# EFFICIENT VLSI SUITED ARCHITECTURES FOR DISCRETE WAVELET TRANSFORMS

S. Simon, P. Rieder, J. A. Nossek Technical University Munich, Germany Sven.Simon@nws.e-technik.tu-muenchen.de

Abstract - In this paper, a variety of architectures for the discrete wavelet transform (DWT) is examined to derive an efficient VLSI implementation. The comparison leads to a lattice filter structure which uses single steps of the CORDIC algorithm. Due to the modular structure of the proposed architecture, this approach is especially suited for full custom design style using module generators to automate the manual design process.

# INTRODUCTION

In recent years, wavelet transforms have gained a lot of interest. In this paper, architectures for the DWT are compared. The straight forward approach to realize the filter functions H(z) and G(z) of the DWT is the implementation as transversal filters. In the following, a polyphase structure for the filters is applied with the notation  $H(z) = H_{even}(z) + z^{-1}H_{odd}(z)$ , see e.g. [9]. The associated filter with 2n multipliers for the transversal filter approach is given in Figure 1. In order to reduce the number of multiplications, an FIR filter structure is proposed in [16], which makes use of the conjugation property of the wavelet filter coefficients:  $h_i = (-1)^i g_{n-1-i}$ , see Figure 2. This architecture needs only 1.5n multipliers such that 25%of the hardware resources compared to the previous approach can be saved [16]. Alternative to these transversal filters, lattice filters, proposed by Vaidyanathan and Hoang in [5], further reduce the number of multiplications.
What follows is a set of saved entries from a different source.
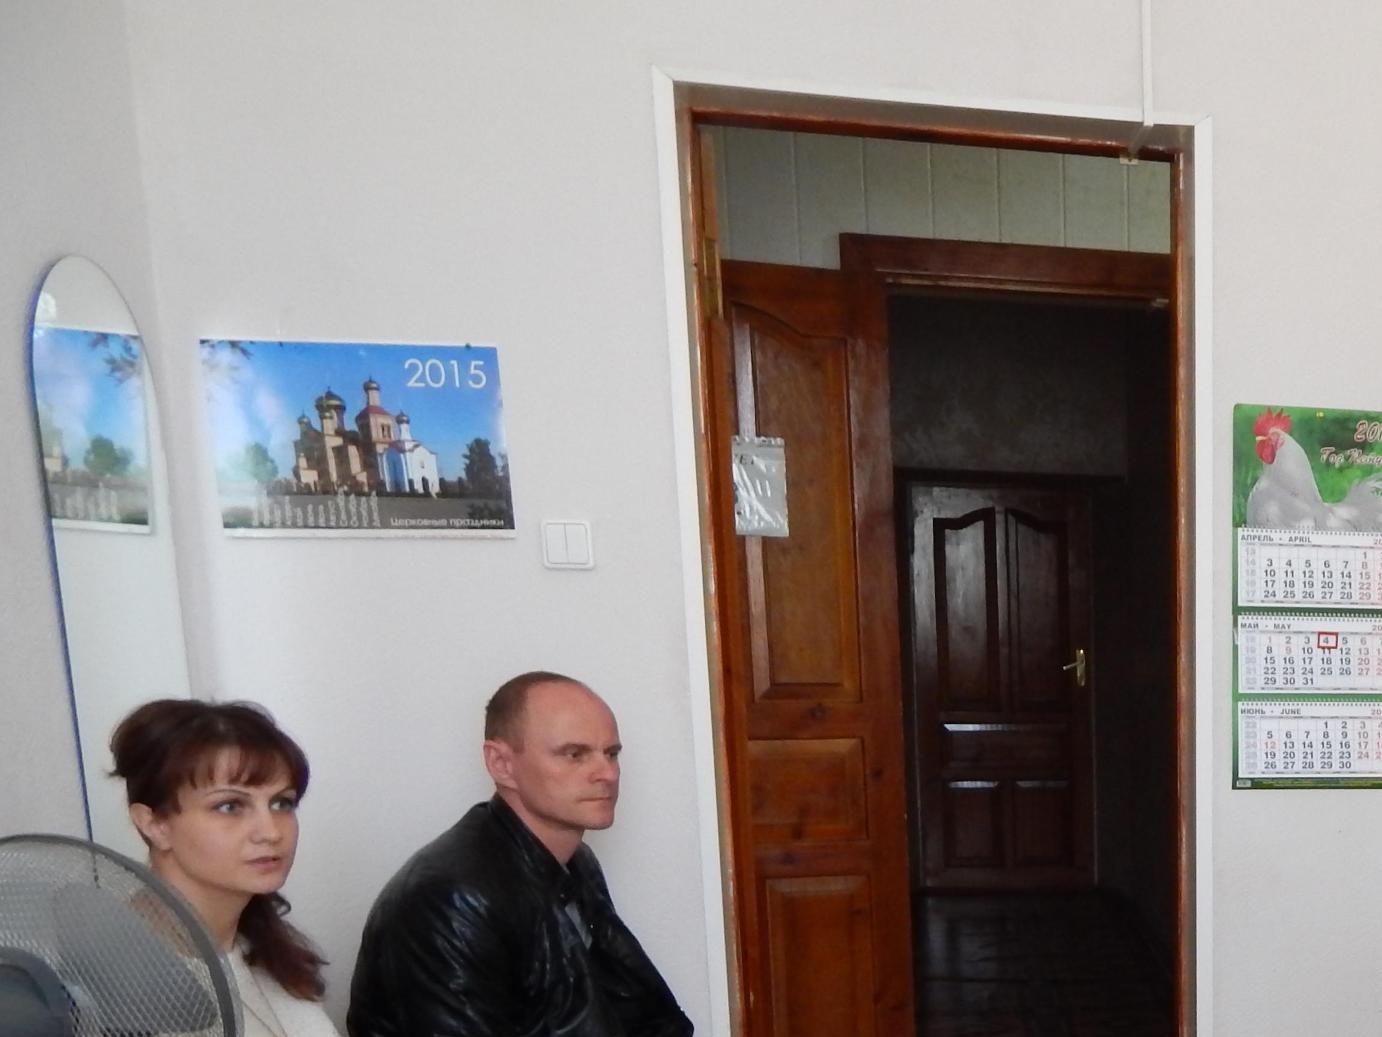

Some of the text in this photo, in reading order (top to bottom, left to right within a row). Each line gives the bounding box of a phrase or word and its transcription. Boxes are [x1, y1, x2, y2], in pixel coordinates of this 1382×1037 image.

[404, 358, 487, 388] 2015
[1240, 534, 1274, 542] АПРЕЛЬ
[1267, 558, 1273, 567] 3
[1285, 560, 1292, 568] 4
[1305, 560, 1311, 568] 5
[1324, 560, 1330, 568] 6
[1343, 560, 1349, 569] 7
[1361, 561, 1368, 570] 8
[1264, 569, 1276, 578] 10
[1284, 570, 1294, 578] 11
[1302, 570, 1314, 578] 12
[1322, 570, 1333, 579] 13
[1340, 571, 1352, 579] 14
[1359, 571, 1371, 580] 15
[1264, 580, 1276, 588] 17
[1283, 580, 1295, 588] 18
[1303, 580, 1314, 588] 19
[1321, 581, 1334, 589] 20
[1341, 581, 1352, 590] 21
[1358, 582, 1371, 590] 22
[1264, 590, 1277, 598] 24
[1283, 590, 1296, 599] 25
[1302, 590, 1315, 599] 26
[1321, 591, 1333, 600] 27
[1340, 591, 1353, 600] 28
[1358, 592, 1371, 600] 29
[1285, 636, 1292, 644] 2
[1304, 636, 1310, 644] 3
[1323, 635, 1329, 644] 4
[1342, 636, 1348, 645] 5
[1360, 637, 1367, 646] 6
[1266, 646, 1273, 654] 8
[1285, 646, 1292, 655] 9
[1339, 647, 1351, 655] 12
[1358, 647, 1370, 656] 13
[1264, 656, 1276, 664] 15
[1283, 656, 1295, 665] 16
[1302, 657, 1313, 665] 17
[1321, 657, 1332, 665] 18
[1340, 657, 1351, 665] 19
[1357, 657, 1370, 666] 20
[1263, 666, 1276, 675] 22
[1283, 667, 1295, 675] 23
[1301, 667, 1314, 675] 24
[1320, 667, 1333, 676] 25
[1339, 667, 1352, 676] 26
[1358, 667, 1370, 676] 27
[1264, 677, 1314, 685] 29 30 31
[1341, 721, 1347, 729] 2
[1360, 721, 1366, 730] 3
[1267, 730, 1273, 739] 5
[1285, 731, 1292, 739] 6
[1304, 730, 1310, 739] 7
[1323, 731, 1329, 739] 8
[1341, 731, 1348, 739] 9
[1358, 731, 1369, 740] 10
[1264, 741, 1276, 750] 12
[1283, 741, 1295, 749] 13
[1321, 741, 1332, 749] 15
[1339, 741, 1351, 749] 16
[1358, 741, 1369, 750] 17
[1264, 751, 1276, 759] 19
[1283, 751, 1295, 759] 20
[1302, 751, 1313, 759] 21
[1320, 751, 1333, 760] 22
[1339, 751, 1351, 759] 23
[1357, 751, 1369, 760] 24
[1264, 761, 1352, 770] 26 27 28 29 30
The associated lattice filter for a DWT of length n=4 is shown in Figure 3, which needs n multipliers for the rotations plus 2 multipliers for the scaling factor K. The scaling factor could be implemented only once, using multiplexers but this would limit the throughput of the filter by a factor of two. For the comparisons in this paper, the architectures are presented in a way, that the same

0-7803-3134-6/96 \$5.00 © 1996 IEEE

throughput for each architecture can be achieved by pipelining of each word level addition to give a fair comparison. Additional savings can be made if we do not follow this principle in certain cases, but these savings will not influence the conclusions of this paper.



Figure 3: Lattice filter.

In [17], binomial quadratur mirror filters are used which furthermore reduce the number of multiplications to the expense of additional add operations compared to the previous architectures, see Figure 4. This methodology is applicable for the special case of orthogonal wavelet filters, e.g. in the case of Daubechies' wavelets of length n. In this case H(z) has p=n/2 zeros at z=1 and G(z) has p=n/2 zeros at z=1, respectively. Note, that p describes the number of vanishing moments. With the implementation of  $(1+z^{-1})^p$  or  $(1-z^{-1})^p$  being very simple, the computational complexity is essentially influenced by the rest of the transfer functions. For the Daubechies' wavelet transform of length n=4 only two multiplications with  $\sqrt{3}$  are necessary. The quantization of the coefficients determines the number of shift and add operations. While quantization does not affect the vanishing moments, the other important property of the wavelet

transform, namely orthogonality (perfect reconstruction), is lost (for the full wordlength) because of the approximation of the coefficients.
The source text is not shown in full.